No todas. El dolor de espalda, cuello y hombro son los tres motivos más frecuentes por los que los españoles son derivados a tratamientos de rehabilitación. Un estudio de la Fundación Kovacs y del Servicio Canario de Salud evaluó trece tratamientos aplicados en centros de rehabilitación privados concertados con la sanidad pública.

Se estudiaron desde las tablas de ejercicio clásicas, y hasta técnicas más sofisticadas como la magnetoterapia. Los peores resultados los obtuvieron la termoterapia, la magnetoterapia, la estimulación eléctrica y la onda corta. Los mejores resultados fueron para los ejercicios convencionales de rehabilitación y fisioterapia.
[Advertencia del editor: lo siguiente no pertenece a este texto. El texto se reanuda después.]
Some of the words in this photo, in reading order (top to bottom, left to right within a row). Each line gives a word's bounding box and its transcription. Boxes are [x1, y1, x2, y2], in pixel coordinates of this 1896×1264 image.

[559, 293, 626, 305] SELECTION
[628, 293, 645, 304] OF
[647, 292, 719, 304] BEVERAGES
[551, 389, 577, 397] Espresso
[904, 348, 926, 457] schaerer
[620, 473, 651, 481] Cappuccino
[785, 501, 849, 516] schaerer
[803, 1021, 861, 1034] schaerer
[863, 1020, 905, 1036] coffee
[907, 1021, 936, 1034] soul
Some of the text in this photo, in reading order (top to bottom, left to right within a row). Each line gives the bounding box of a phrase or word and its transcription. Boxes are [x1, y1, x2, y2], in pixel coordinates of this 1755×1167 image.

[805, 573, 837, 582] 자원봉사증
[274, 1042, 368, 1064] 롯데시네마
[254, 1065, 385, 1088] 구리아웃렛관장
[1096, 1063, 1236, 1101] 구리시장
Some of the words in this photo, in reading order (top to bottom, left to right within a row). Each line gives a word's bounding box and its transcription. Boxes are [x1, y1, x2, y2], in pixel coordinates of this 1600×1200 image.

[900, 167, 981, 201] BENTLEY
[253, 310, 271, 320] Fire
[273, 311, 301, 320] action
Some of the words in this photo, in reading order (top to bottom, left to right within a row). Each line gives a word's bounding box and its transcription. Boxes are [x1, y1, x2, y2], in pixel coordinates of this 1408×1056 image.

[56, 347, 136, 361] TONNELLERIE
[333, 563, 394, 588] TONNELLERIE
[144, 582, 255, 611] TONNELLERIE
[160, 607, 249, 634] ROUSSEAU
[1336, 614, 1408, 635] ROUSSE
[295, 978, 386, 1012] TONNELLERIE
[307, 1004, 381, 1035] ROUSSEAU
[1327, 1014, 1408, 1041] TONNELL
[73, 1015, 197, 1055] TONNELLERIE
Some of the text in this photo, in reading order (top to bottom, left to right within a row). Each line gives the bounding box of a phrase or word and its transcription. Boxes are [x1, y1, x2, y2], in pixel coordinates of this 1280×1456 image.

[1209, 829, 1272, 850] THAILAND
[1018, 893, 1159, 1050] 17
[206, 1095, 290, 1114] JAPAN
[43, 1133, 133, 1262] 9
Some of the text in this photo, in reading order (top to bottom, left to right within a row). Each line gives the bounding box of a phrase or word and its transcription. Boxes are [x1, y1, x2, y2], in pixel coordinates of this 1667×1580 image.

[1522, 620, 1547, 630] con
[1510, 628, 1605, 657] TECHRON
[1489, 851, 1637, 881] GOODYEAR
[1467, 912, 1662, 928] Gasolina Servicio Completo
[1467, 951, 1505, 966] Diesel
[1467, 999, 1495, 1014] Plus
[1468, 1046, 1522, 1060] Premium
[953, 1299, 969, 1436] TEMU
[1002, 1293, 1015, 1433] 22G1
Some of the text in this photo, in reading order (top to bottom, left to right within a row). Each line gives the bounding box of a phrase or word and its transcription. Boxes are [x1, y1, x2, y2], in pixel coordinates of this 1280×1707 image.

«El 60% del dinero público que se destina a rehabilitación va a parar a tratamientos completamente inútiles. Esto no tiene ningún sentido ni para el paciente ni para el contribuyente», dice.

¿Puedo hacer ejercicio cuando me duele la espalda?

«No sólo, sino que se debe hacerlo. Se debe modular la intensidad del ejercicio en función del dolor y hacer el mayor grado de actividad que nos permita el dolor. Si podemos caminar, caminemos; si podemos nadar, nademos; si podemos subir escaleras, hagámoslo. Lo más contraproducente es hacer reposo en cama o en el sillón. Esto no sólo es inútil, sino que nos hace un gran perjucio. Con más de 48 horas de reposo, nuestro cuerpo empieza a perder masa muscular. Eso sí, lo más importante es eliminar antes las molestias con calmantes. Es muy difícil hacer ejercicio cuando duele la espalda».

¿Nadar es la mejor opción?

«Nadar es muy aconsejable. Es la opción clásica, pero nos debe gustar. Lo más importante es ser constantes con el ejercicio y movernos. Así que hagamos lo que más nos gusta. Si nos gusta hacer pilates, hagámoslo, o montar en bicicleta, correr o hacer aparatos en el gimnasio… Sólo en algunos casos concretos es necesario hacer previamente un programa de ejercicios concretos y correctores durante un tiempo determinado para que luego puedan hacer la actividad física que quieran. Además nunca es tarde para empezar. Hay estudios que demuestran que en personas de 90 años, determinados programas de ejercicio han logrado que ganaran masa muscular. No hay excusas para los vagos».

El paracetamol ¿funciona?

Este medicamento no es mejor que el placebo para acelerar la recuperación de los episodios de dolor lumbar agudo o para mejorar los niveles de malestar puntual o calidad de vida, según confirmó un estudio australiano publicado en la revista «The Lancet».

Esta investigación fue la primera en cuestionar la recomendación universal de este medicamento como primera opción analgésica para las molestias de espalda. Para llevar a cabo el estudio se reclutaron 1.652 pacientes, de una media de 45 años, con dolor lumbar agudo.

¿Y la cirugía? ¿Es la alternativa más eficaz?

«No siempre. Hoy se siguen realizando muchas cirugías inútiles», dice el experto en espalda. «Históricamente se pensaba que cuando el disco se desgastaba era la causa del dolor, pero sabemos que hay muchos individuos sanos sin dolor y con el disco completamente desgastado. Primero, se empezó reemplazando los discos desgastados con injertos de hueso del paciente, después con placas y tornillos… todo se ha ido complicando. En el Reino Unido no se hacen más de mil de estas intervenciones (artrodesis) al año, contando sanidad pública y privada. En España, se practican más de 21.000 anuales sólo en los servicios de traumatología de hospitales públicos. Son demasiadas. Hay estudios que demuestran que el ejercicio intenso es tan eficaz como una artrodesis y sin los riesgos de pasar por el quirófano».

¿En qué casos se debe pasar por el quirófano?

«Hay tres casos en los que sí hay una indicación clara de cirugía: en el síndrome de la cola de caballo, cuando se produce una pérdida súbita de fuerza en las piernas, del control de los esfínteres o de anestesia en la zona genital; si hay estenosis espinal y se produce dolor irradiado a la pierna —de pie no duele nada, pero produce un dolor intenso al caminar y obliga a estar sentado— y, por último, cuando hay una hernia discal que causa un dolor irradiado muy intenso durante más de seis semanas y no mejora con los tratamientos conservadores».